Of all commits today, only 1 was mine (a very small step on getting on-the-fly
compilation to work), and 32 are from other committers, doing great work
at an amazing rate as usual.
My subpar productivity was due partly to carsick and mild food poisoning
(again), partly from this silly CPAN drinking game which I won,
and also from this even sillier but surprisingly addictive Liquid War game, which clkao largely dominates over me, obra and acme.
However, I did find time to read over the extremely concise, well-written
and robust YAML spec, and
have started some work on a Parsec-based YAML parser that can deal with
infinite streams, which according to ingy will make the world a happier place.
Now, let's see what other people have done to Pugs today...
- corion has made great progress on command line switches, making
-I foo
and -l
work, added @*ARGS
access to pugs -e
one-liners, and written tests for -C
and friends.
- asavige the mad golfer checked in the first Pugs Obfuscation. It looks really nice -- but I'm not going to tell you what it looks like. Try running it with pugs!
- kungfuftr worked on pugs-smoke graph, so we can now all see in plain daylight how the trunk is burning. There's been lots of work into it, making pretty tooltips on the test failure messages, and hyperlinks into the actual tests, even down to the failing line itself. I'm as amazed as the first time I've seen the Test::Cover graph. Wonderful work!
- mugwump keeps churning out large chunks of Perldoc code.

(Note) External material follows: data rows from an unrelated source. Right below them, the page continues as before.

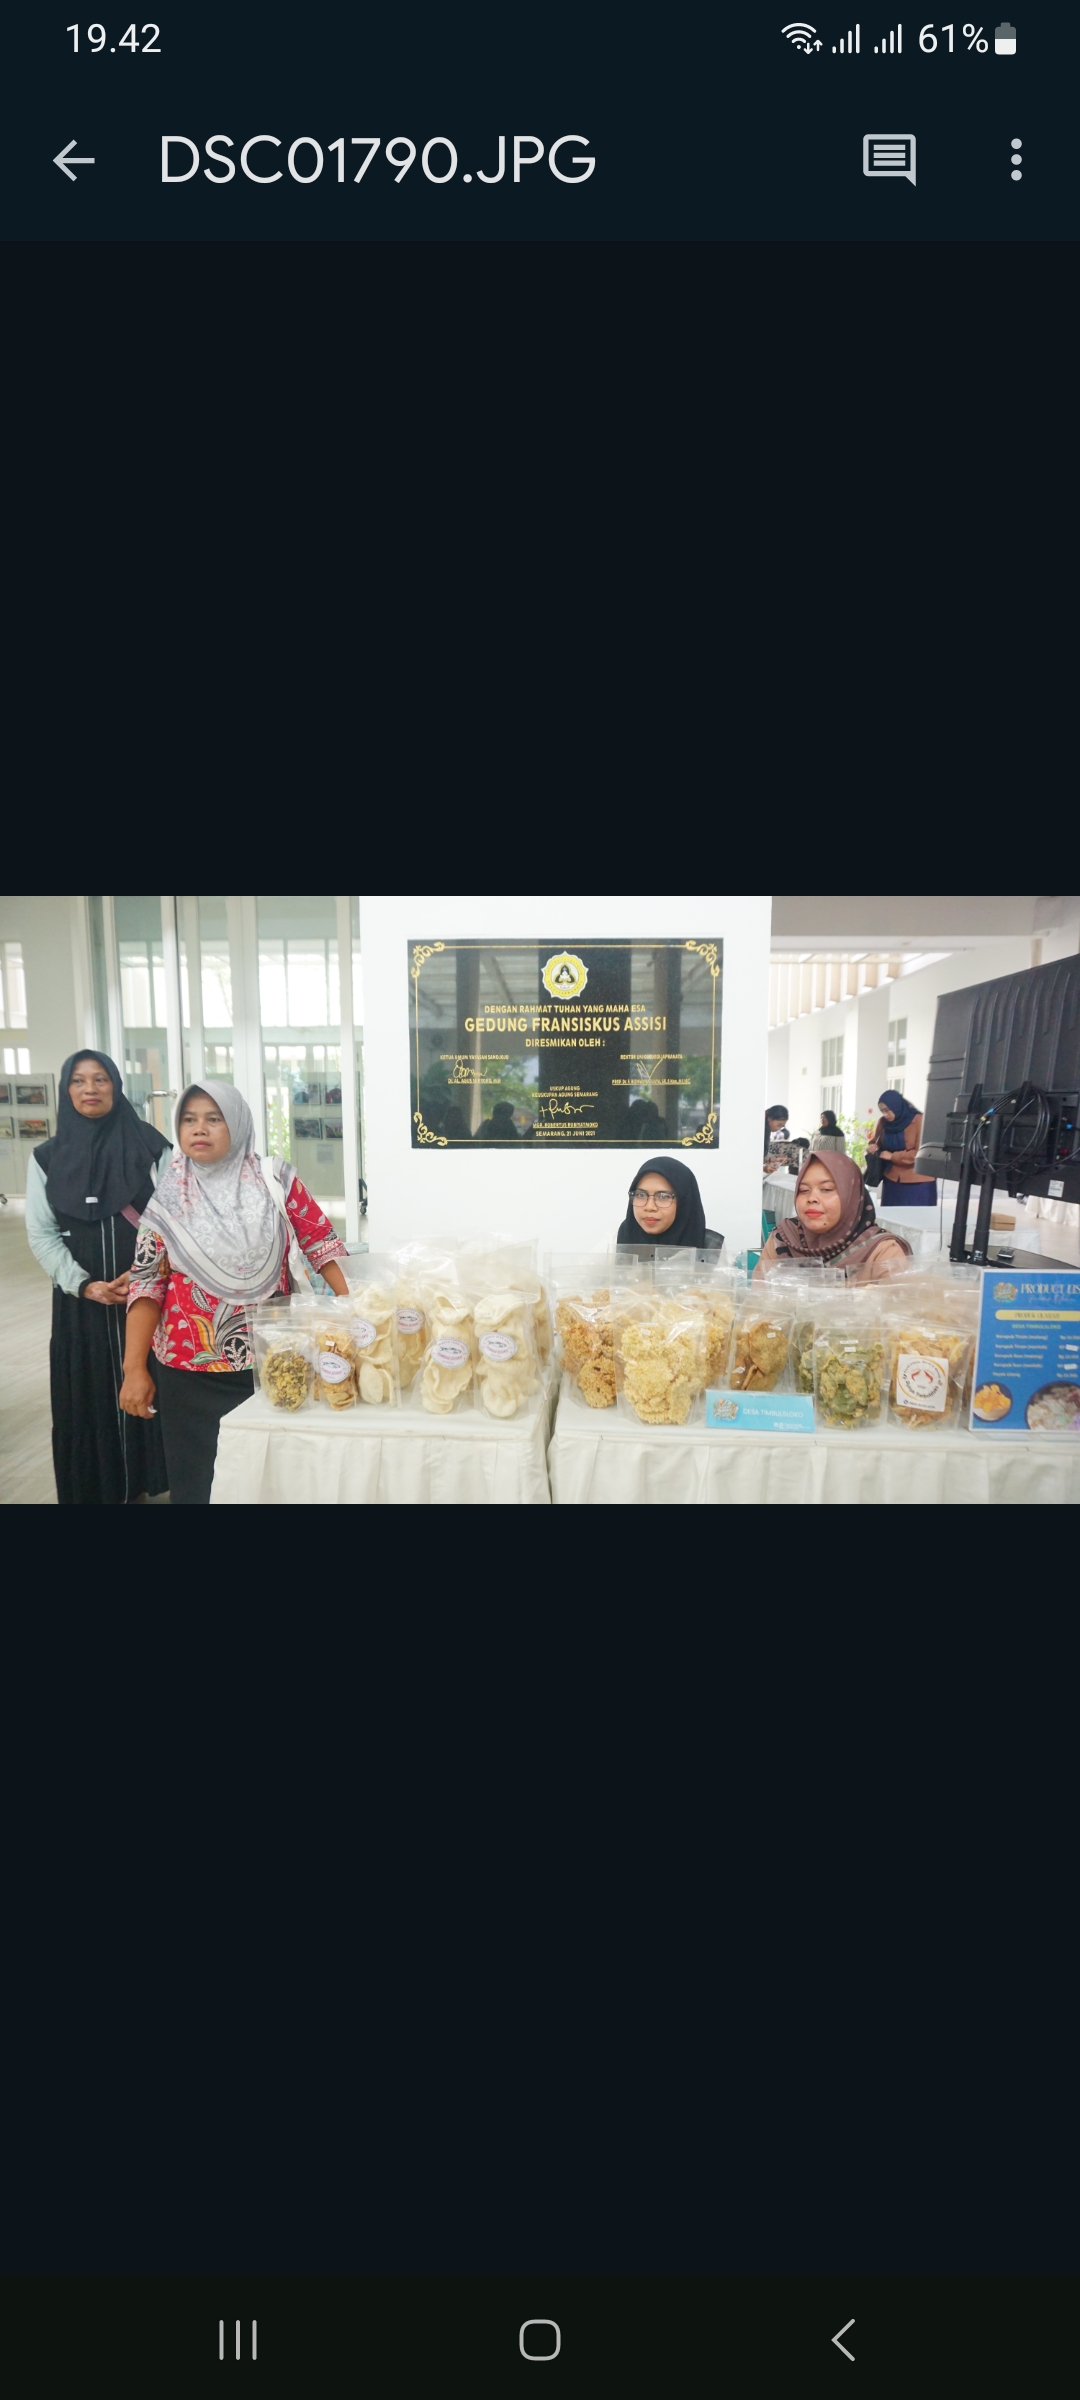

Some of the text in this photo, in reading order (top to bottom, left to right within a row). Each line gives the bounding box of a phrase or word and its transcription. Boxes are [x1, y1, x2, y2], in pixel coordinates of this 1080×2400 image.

[484, 1004, 646, 1014] DENGAN RAHMAT TUHAN YANG MAHA ESA
[464, 1016, 667, 1032] GEDUNG FRANSISKUS ASSISI
[525, 1038, 577, 1048] DIRESMIKAN
[578, 1038, 601, 1047] OLEH
[1020, 1283, 1065, 1294] PRODUCT
[761, 1410, 804, 1418] TIMBULSLOKO

DOMs can now send events to each other, which means we are closer and closer to the nirvana of interoperable Perldoc dialects.
- lightstep took the plunge to restore sanity to option parsing, by introdusing an abstract data type for options. corion and shapr followed up with some discussions and debug actions.

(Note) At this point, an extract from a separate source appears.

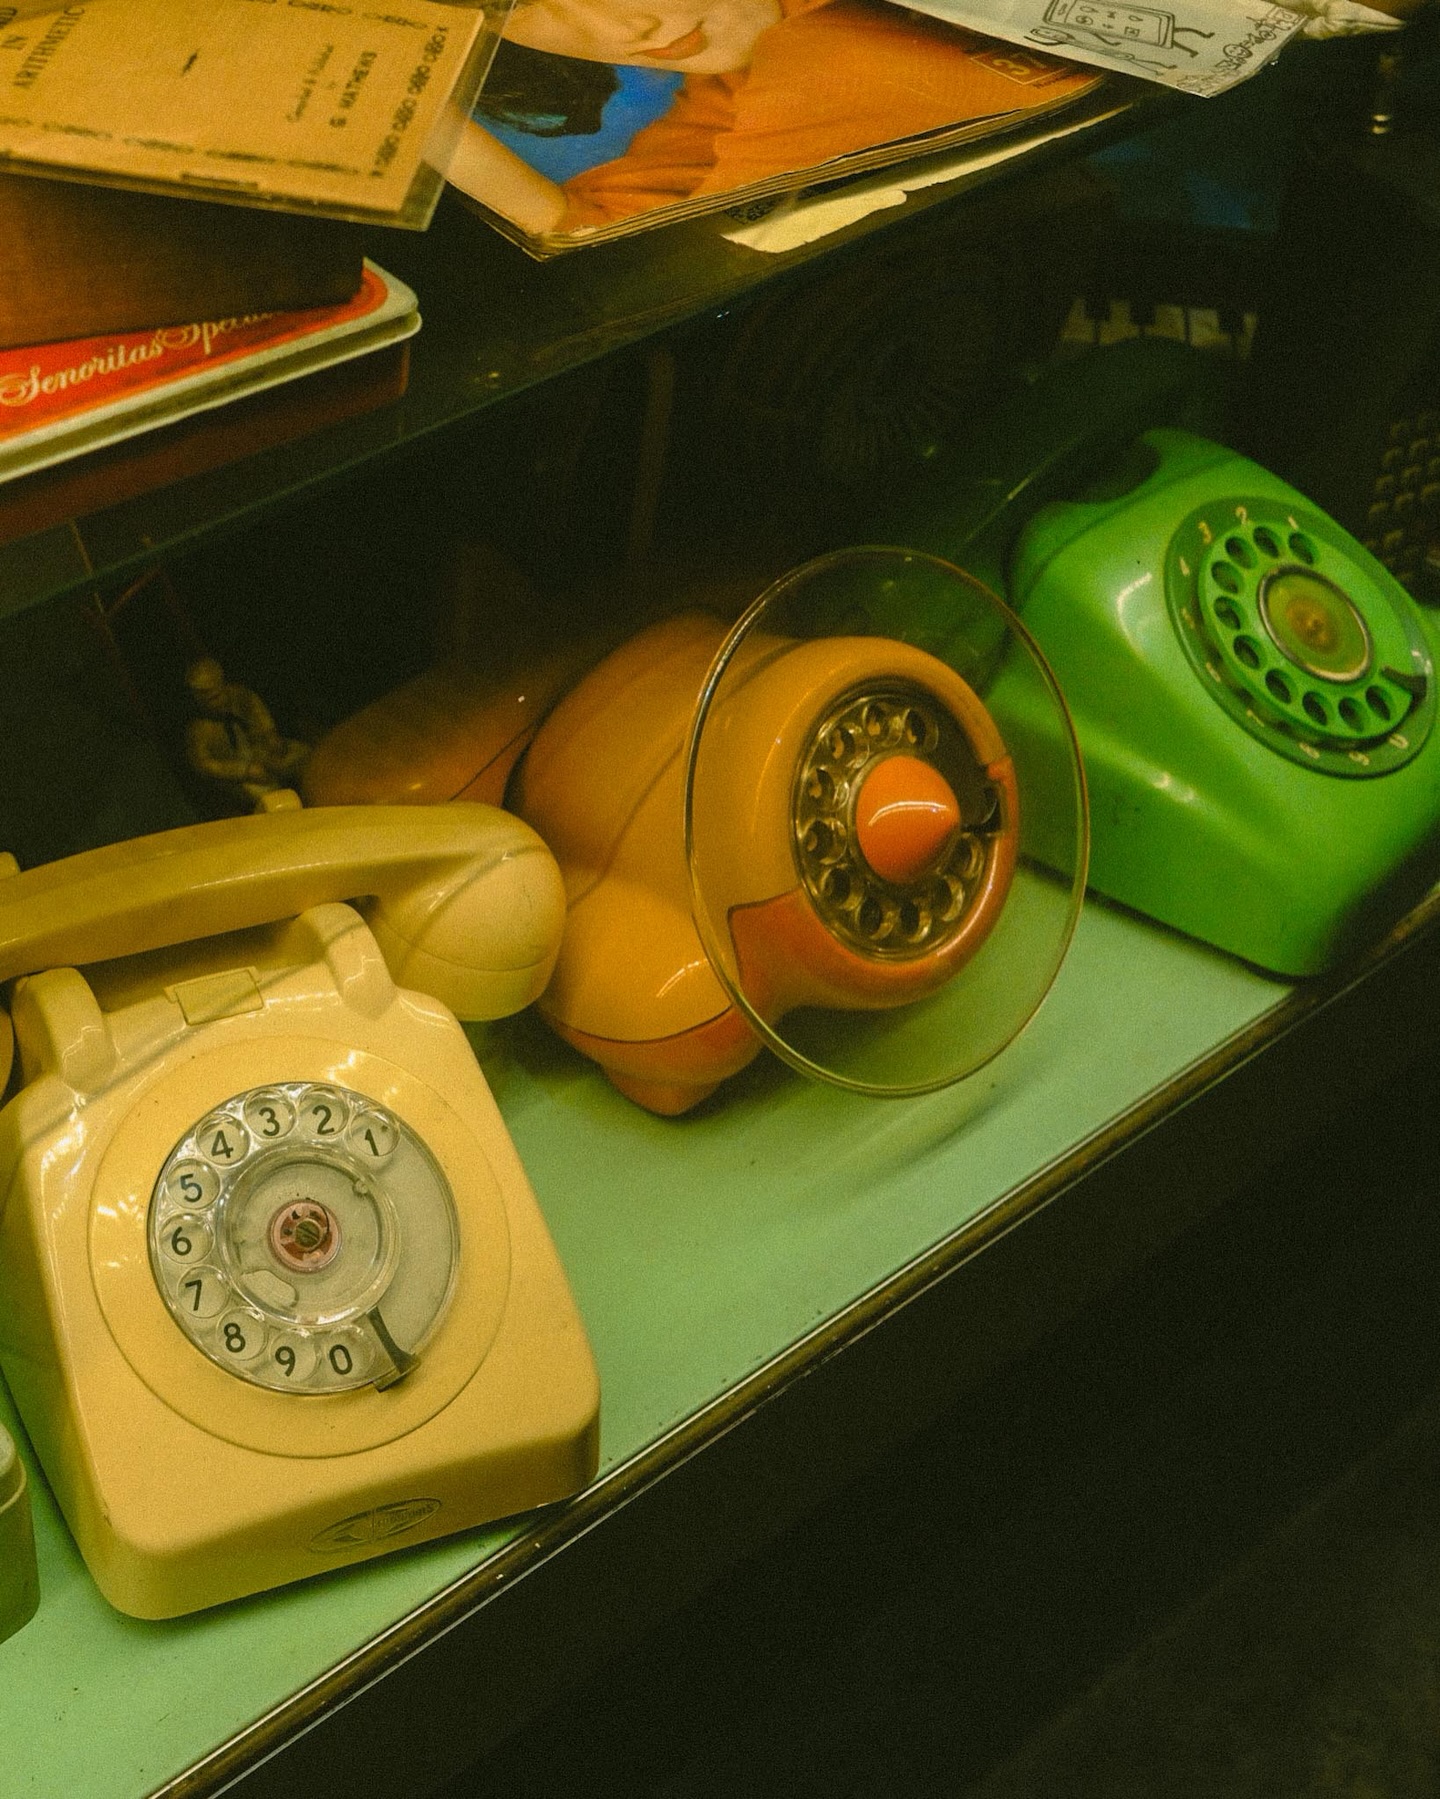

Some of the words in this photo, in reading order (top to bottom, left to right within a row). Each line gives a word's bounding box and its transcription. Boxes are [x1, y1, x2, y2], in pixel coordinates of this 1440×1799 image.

- stevan took a clue from #perl6 and changed the name of CGI::Pugs to be just CGI. He then proceeded to port lots of functionalities from Perl 5's CGI.pm, as well as quite a few tests.
- stevan also added various tests for string and math processing builtins.
- theorbtwo rewrote our test cataloger that links tests with design documents.
- kcwu added tests for pointy blocks, and fixed the test for
rand()
.
- hcchien added tests for multidimensional arrays.
- rgs added some more keywords into perl6.vim.
- darrens continues to p6ify SQL::Routine. Strangely, they look even more perlish to my eyes. Maybe that's because Perl 6 no longer forces us to pay the 30%+ "language tax" of code overhead anymore...
Oh, and I've talked with Leo on IRC today, and there is a distinct possibility that I may stay in his place for a couple weeks in the months to come -- I'll keep you posted. But, just imagine the unstoppable combined productivity! :-)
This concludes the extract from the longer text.